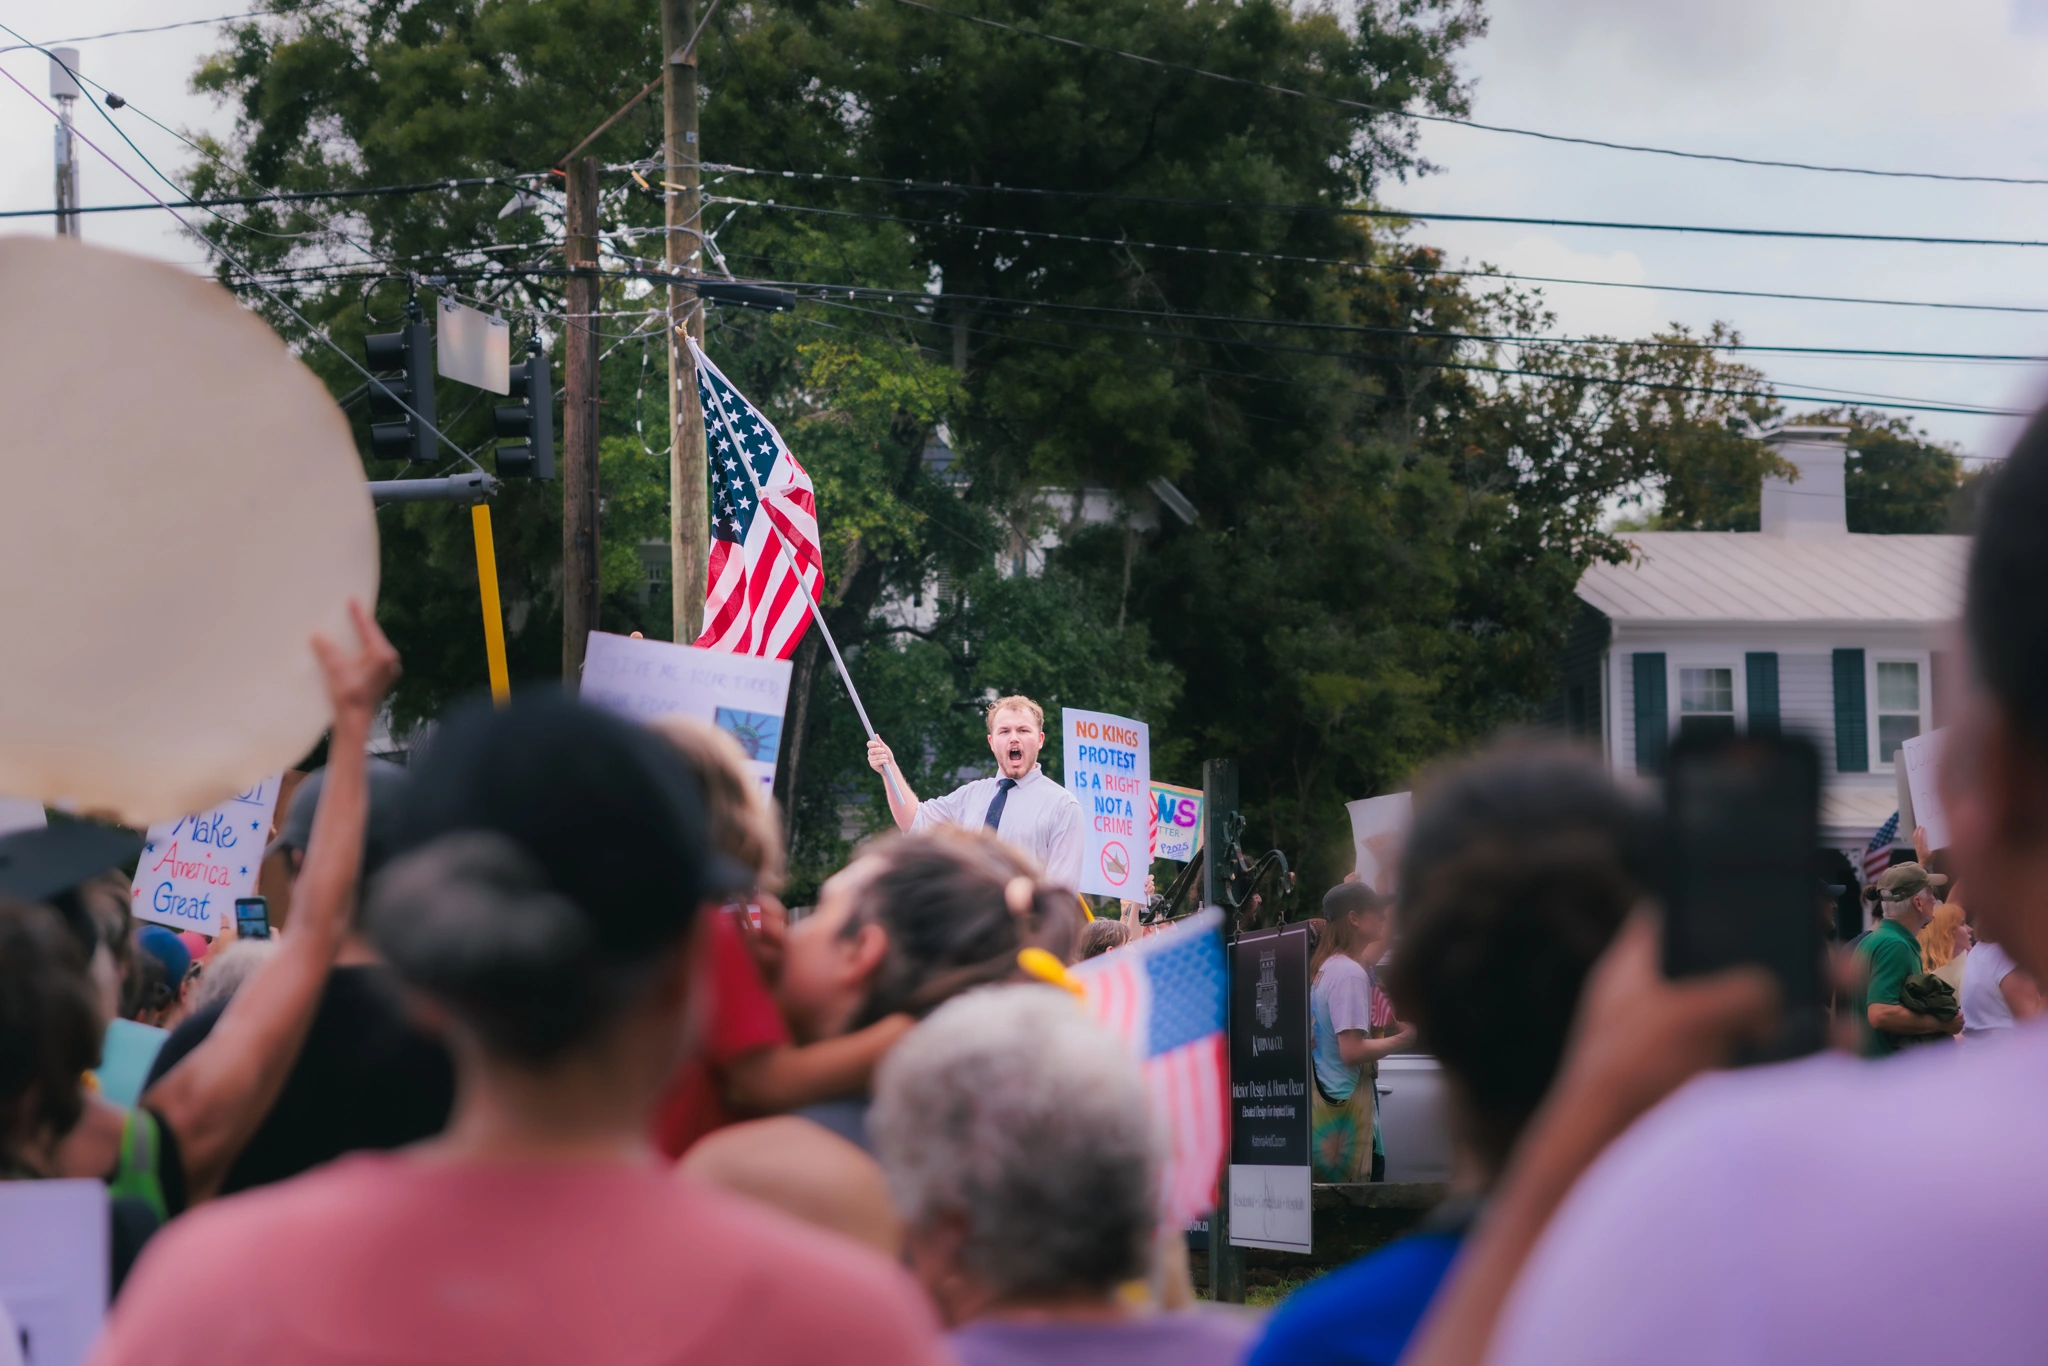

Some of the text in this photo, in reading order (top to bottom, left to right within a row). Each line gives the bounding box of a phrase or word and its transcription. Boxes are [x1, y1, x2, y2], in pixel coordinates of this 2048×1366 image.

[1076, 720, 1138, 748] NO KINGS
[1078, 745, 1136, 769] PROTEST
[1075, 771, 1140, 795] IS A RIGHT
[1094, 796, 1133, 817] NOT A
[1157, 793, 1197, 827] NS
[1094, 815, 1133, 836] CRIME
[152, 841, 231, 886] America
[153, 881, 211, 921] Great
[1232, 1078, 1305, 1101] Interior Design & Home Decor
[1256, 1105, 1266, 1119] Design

Exercise goal
Omit the pictures and give the material again, exactly and in full.

Task answer
Some of the text in this photo, in reading order (top to bottom, left to right within a row). Each line gives the bounding box of a phrase or word and its transcription. Boxes are [x1, y1, x2, y2], in pixel coordinates of this 2048×1366 image.

[1076, 720, 1138, 748] NO KINGS
[1078, 745, 1136, 769] PROTEST
[1075, 771, 1140, 795] IS A RIGHT
[1094, 796, 1133, 817] NOT A
[1157, 793, 1197, 827] NS
[1094, 815, 1133, 836] CRIME
[152, 841, 231, 886] America
[153, 881, 211, 921] Great
[1232, 1078, 1305, 1101] Interior Design & Home Decor
[1256, 1105, 1266, 1119] Design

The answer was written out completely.